Problem details.
Every line from the one with "Some of the words" to the end of the listing below must be printed exactly, with no other text and no pictures.

Dataset extract.
----

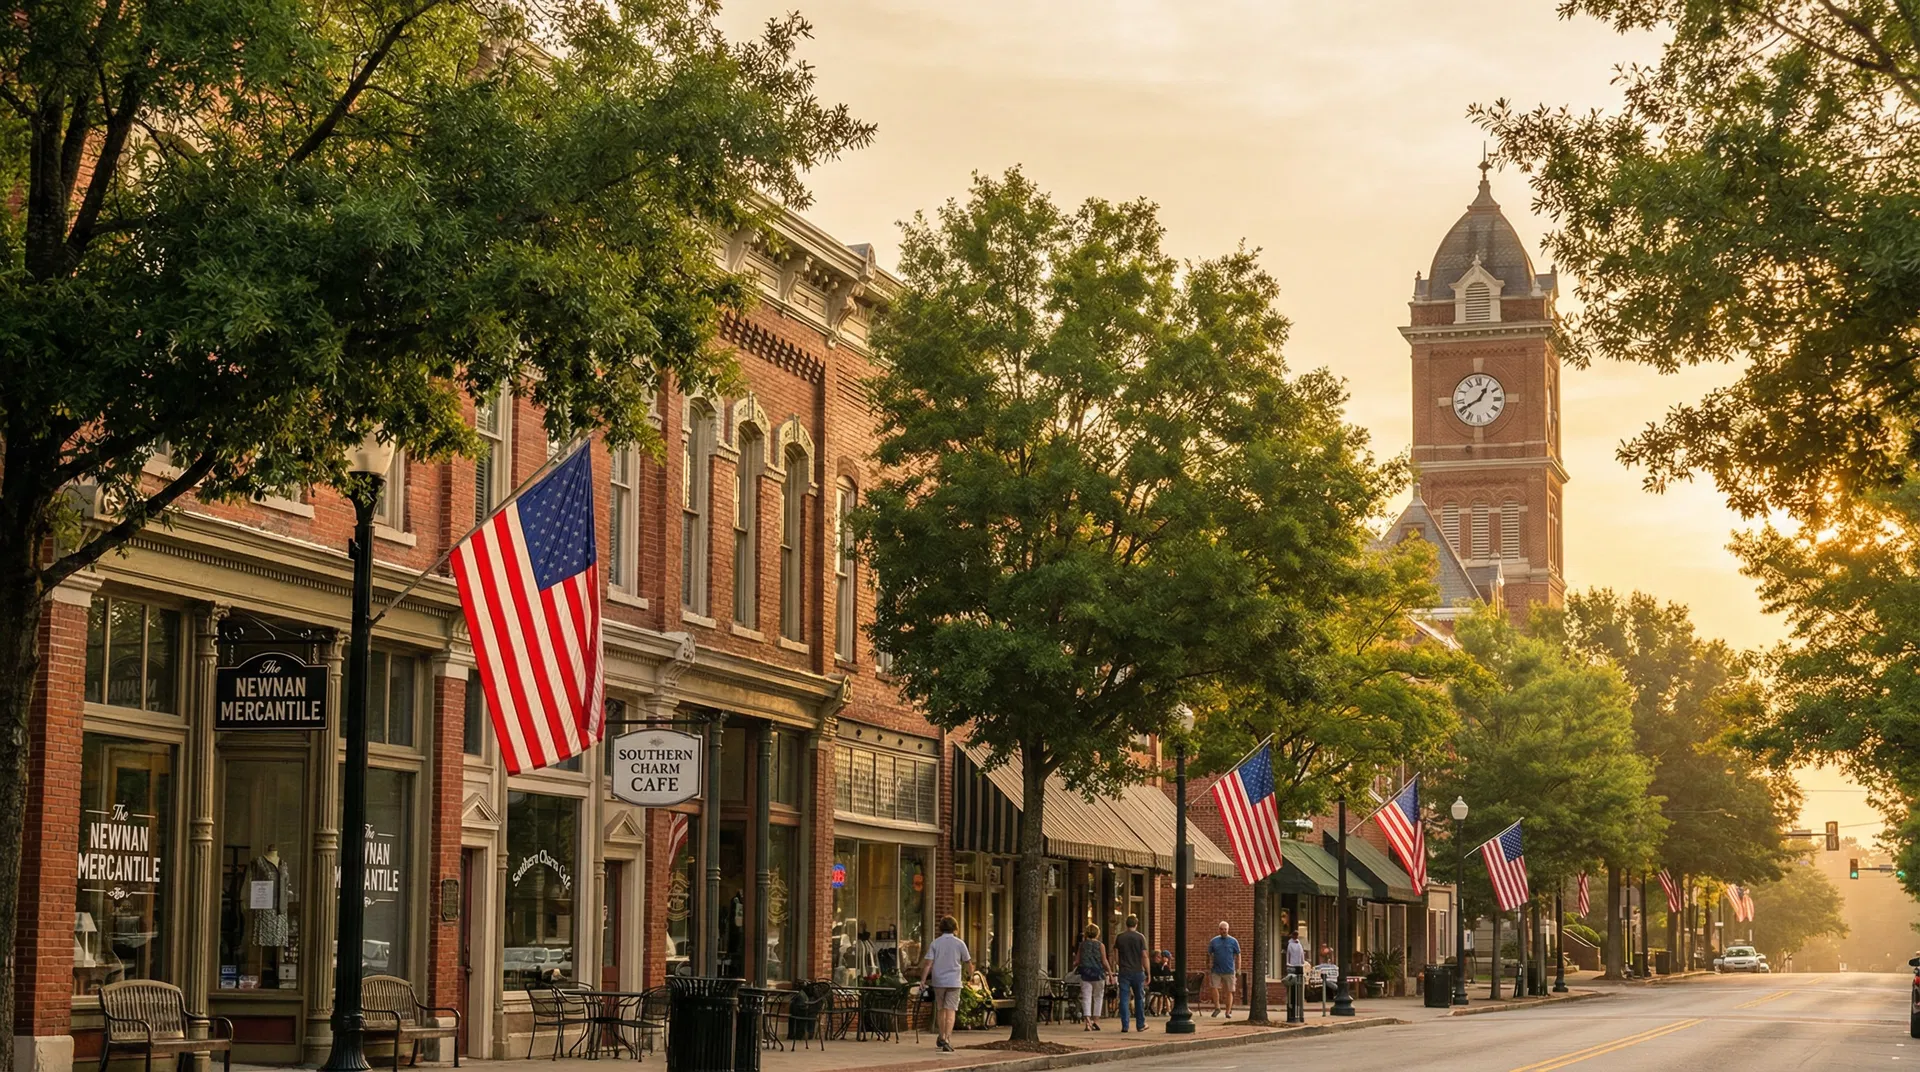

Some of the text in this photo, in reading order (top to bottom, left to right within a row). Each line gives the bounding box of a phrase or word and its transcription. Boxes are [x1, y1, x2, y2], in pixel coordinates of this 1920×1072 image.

[259, 660, 281, 673] The
[236, 677, 306, 697] NEWNAN
[221, 700, 321, 721] MERCANTILE
[619, 749, 693, 760] SOUTHERN
[631, 763, 680, 774] CHARM
[631, 777, 679, 792] CAFE
[111, 804, 128, 821] The
[90, 822, 149, 852] NEWNAN
[77, 852, 161, 882] MERCANTILE
[334, 865, 399, 892] MANTILE
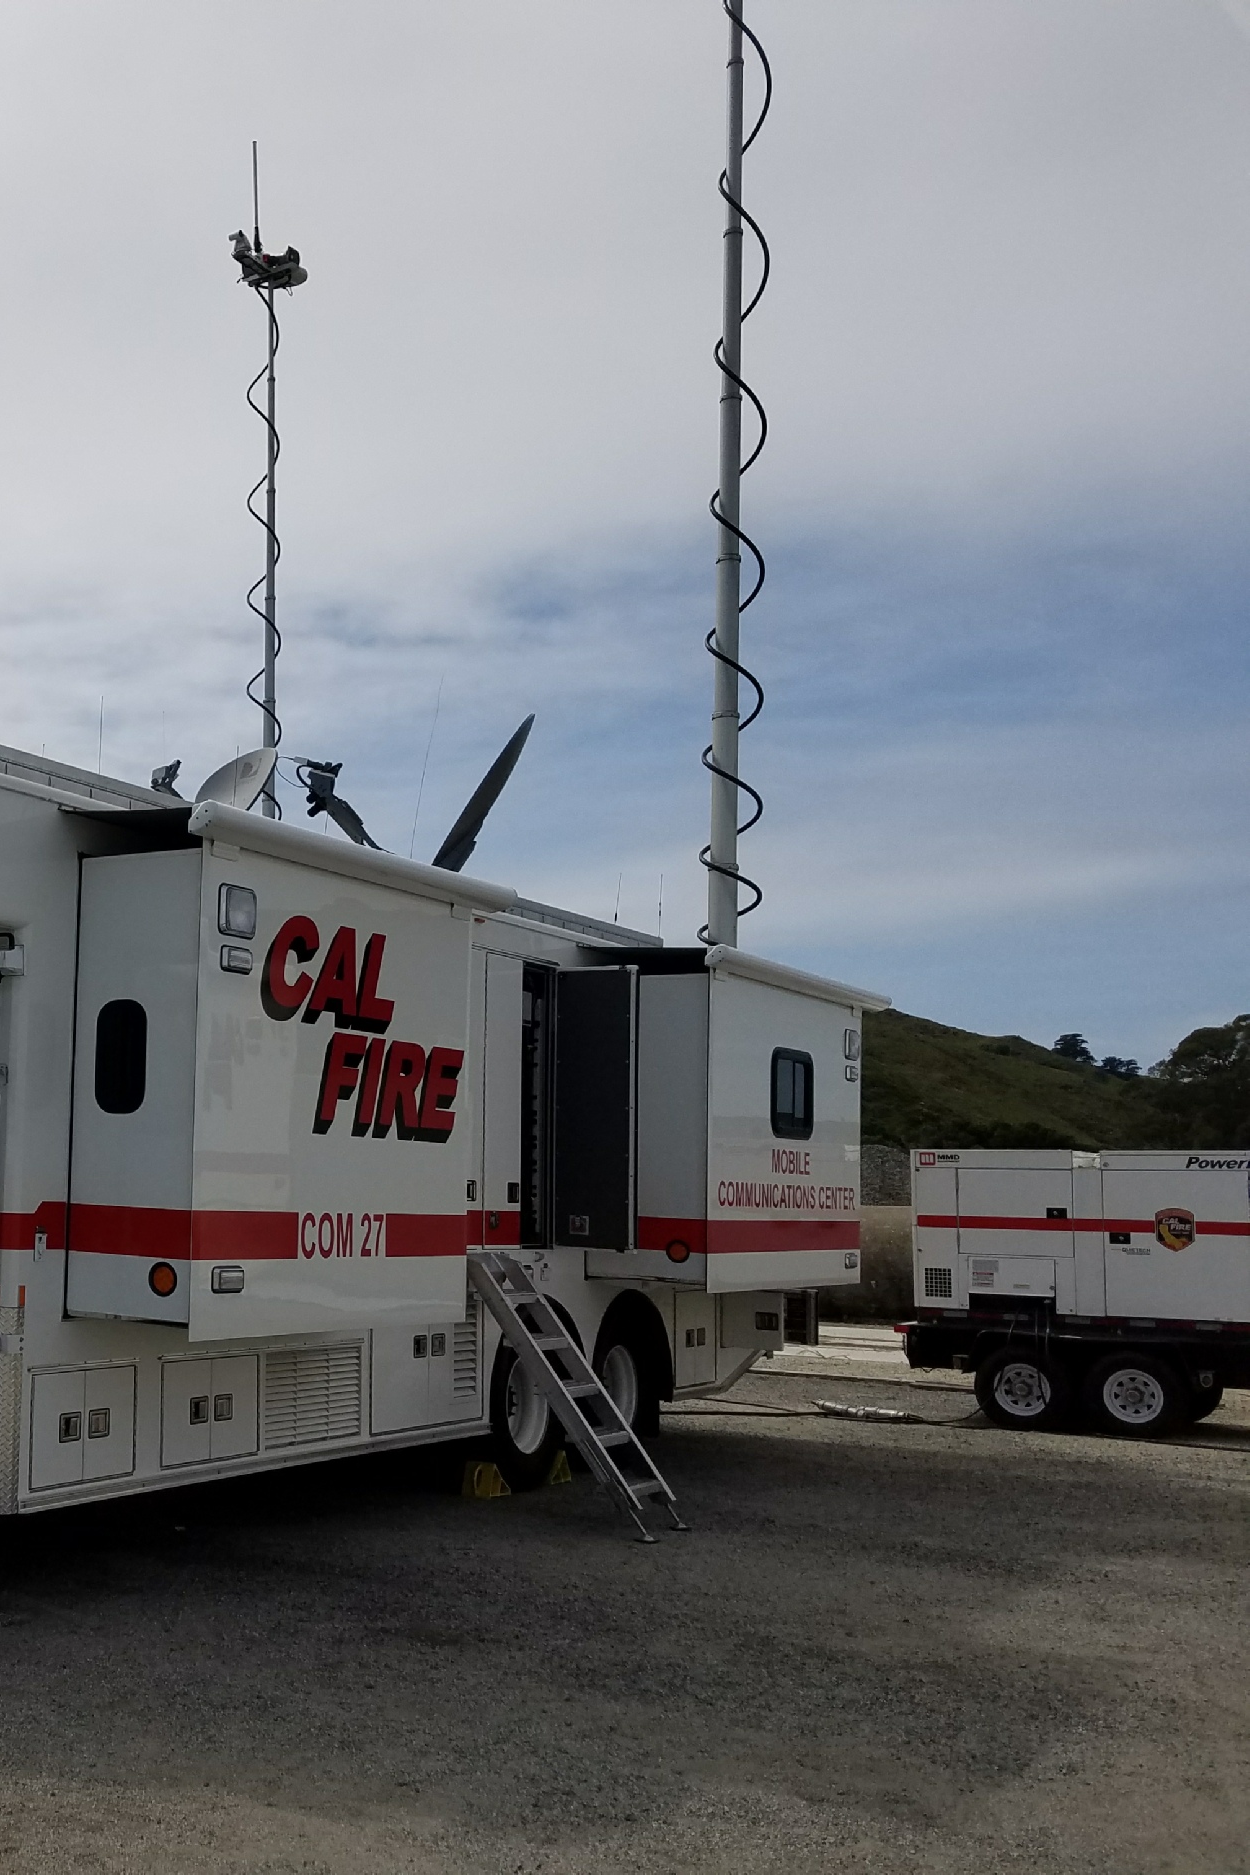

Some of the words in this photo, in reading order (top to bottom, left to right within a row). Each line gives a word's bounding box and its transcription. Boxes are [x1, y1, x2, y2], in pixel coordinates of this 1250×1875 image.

[260, 915, 395, 1034] CAL
[312, 1031, 465, 1144] FIRE
[771, 1148, 811, 1176] MOBILE
[1185, 1156, 1250, 1169] Power
[717, 1180, 816, 1209] COMMUNICATIONS
[818, 1186, 856, 1211] CENTER
[300, 1212, 353, 1259] COM
[360, 1214, 385, 1258] 27
[1162, 1217, 1179, 1225] CAL
[1170, 1223, 1192, 1231] FIRE
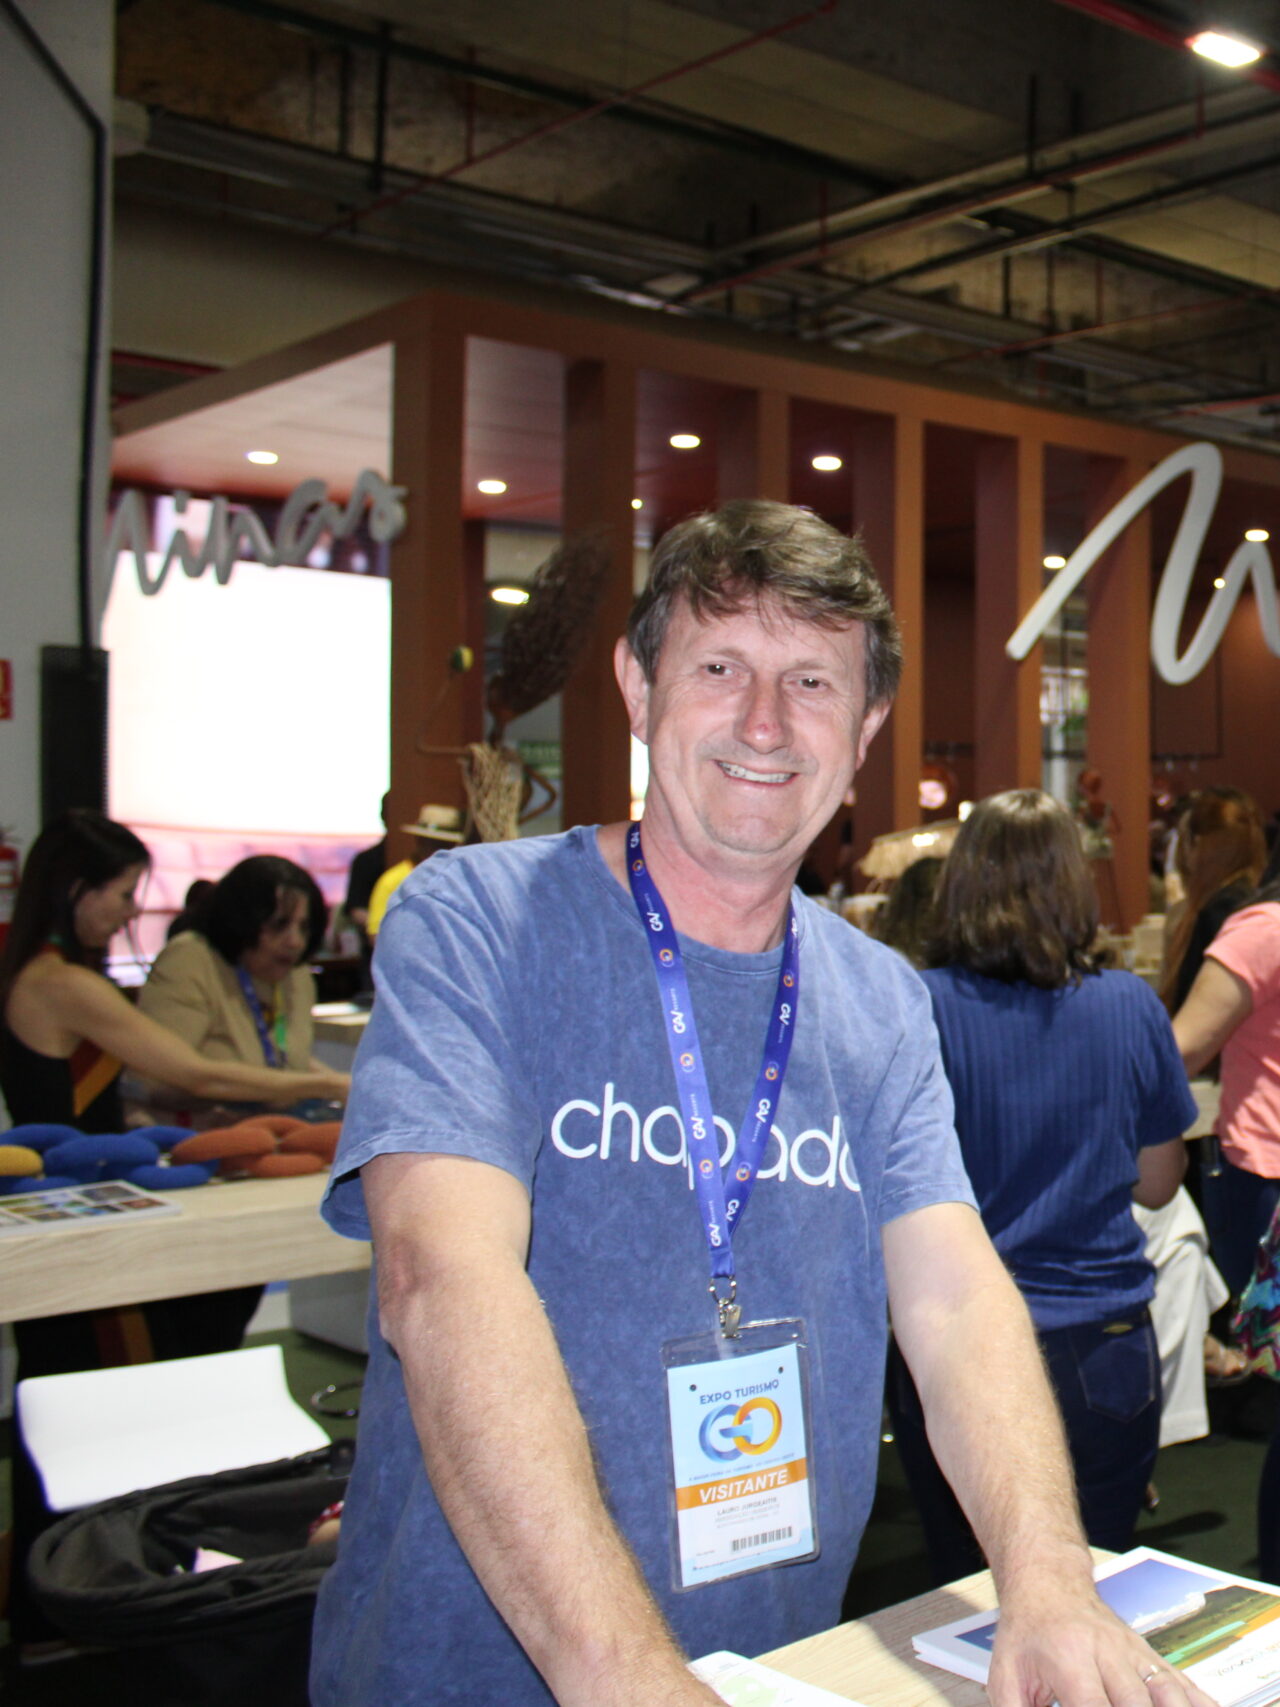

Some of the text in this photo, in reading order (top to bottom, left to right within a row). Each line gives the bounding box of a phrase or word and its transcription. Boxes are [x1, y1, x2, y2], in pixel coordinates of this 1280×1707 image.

[670, 1010, 686, 1034] GAV
[779, 1003, 791, 1026] GAV
[755, 1098, 771, 1123] GAV
[691, 1116, 707, 1140] GAV
[709, 1223, 722, 1247] GAV
[700, 1379, 779, 1405] EXPO TURISMO
[699, 1468, 788, 1503] VISITANTE
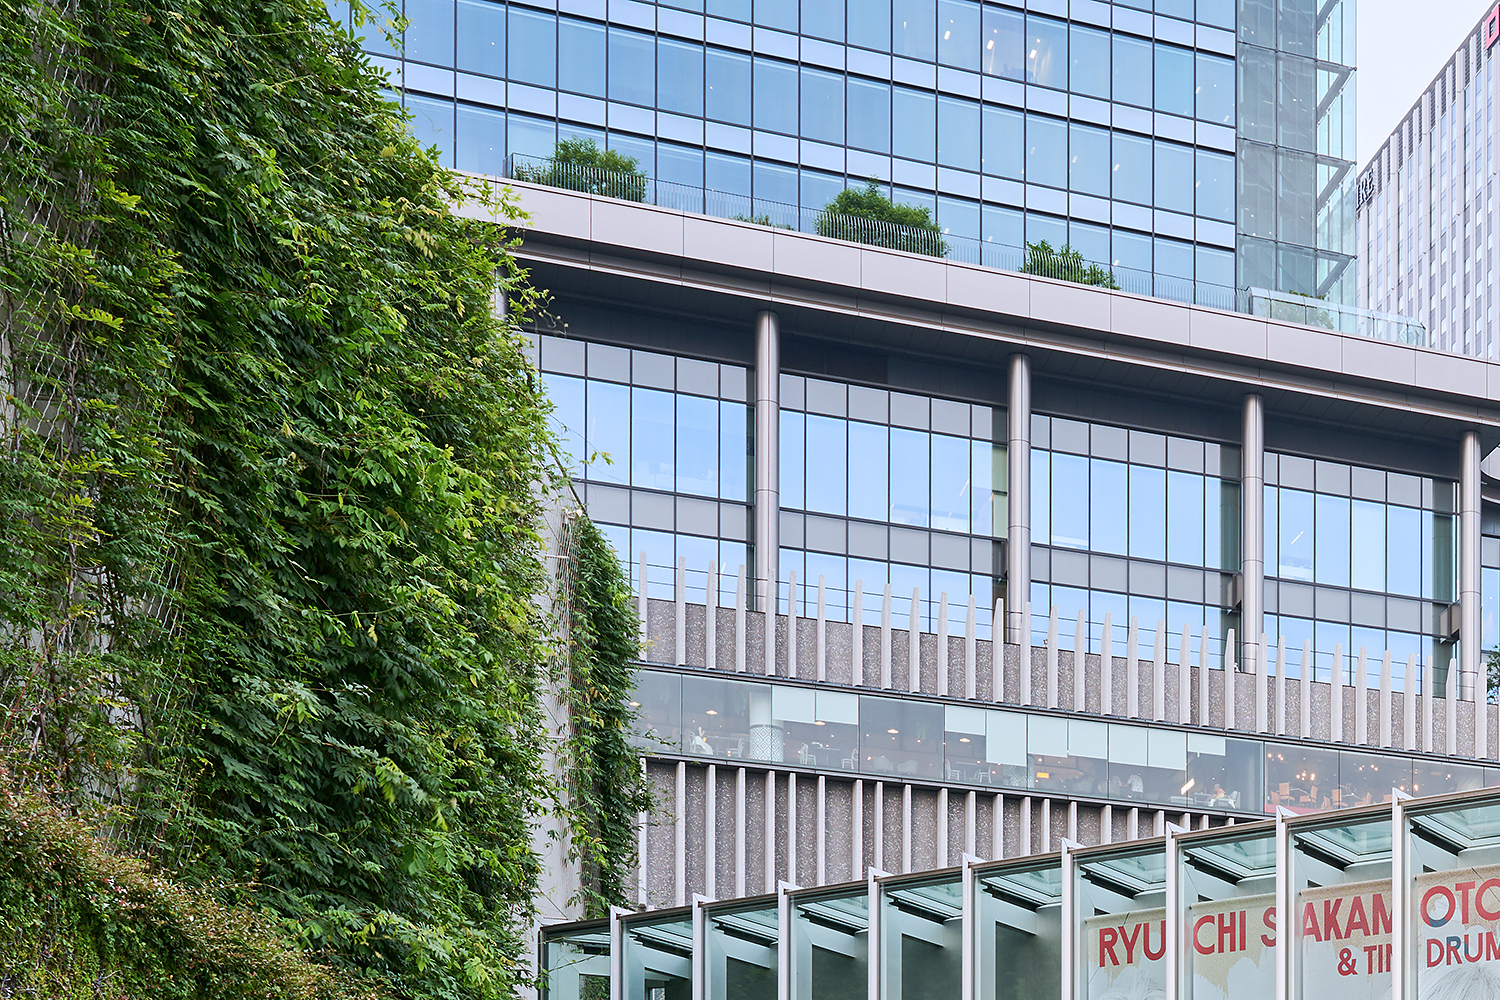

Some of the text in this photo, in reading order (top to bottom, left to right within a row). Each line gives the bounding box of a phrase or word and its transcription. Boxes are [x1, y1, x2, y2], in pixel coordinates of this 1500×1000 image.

----

Task result.
Some of the words in this photo, in reading order (top to bottom, left to right within a row). Each line gives a word's bounding box and its transcription. Boxes are [x1, y1, x2, y2], in pixel coordinates of this 1250×1875 image.

[260, 915, 395, 1034] CAL
[312, 1031, 465, 1144] FIRE
[771, 1148, 811, 1176] MOBILE
[1185, 1156, 1250, 1169] Power
[717, 1180, 816, 1209] COMMUNICATIONS
[818, 1186, 856, 1211] CENTER
[300, 1212, 353, 1259] COM
[360, 1214, 385, 1258] 27
[1162, 1217, 1179, 1225] CAL
[1170, 1223, 1192, 1231] FIRE

Some of the text in this photo, in reading order (top to bottom, left to right within a row). Each line gives the bounding box of a phrase or word and its transcription. Boxes are [x1, y1, x2, y2], in pixel coordinates of this 1280×1707 image.

[670, 1010, 686, 1034] GAV
[779, 1003, 791, 1026] GAV
[755, 1098, 771, 1123] GAV
[691, 1116, 707, 1140] GAV
[709, 1223, 722, 1247] GAV
[700, 1379, 779, 1405] EXPO TURISMO
[699, 1468, 788, 1503] VISITANTE

Some of the text in this photo, in reading order (top to bottom, left to right within a row). Each line gives the bounding box of a phrase or word and its transcription. Boxes are [x1, y1, x2, y2], in pixel coordinates of this 1500×1000 image.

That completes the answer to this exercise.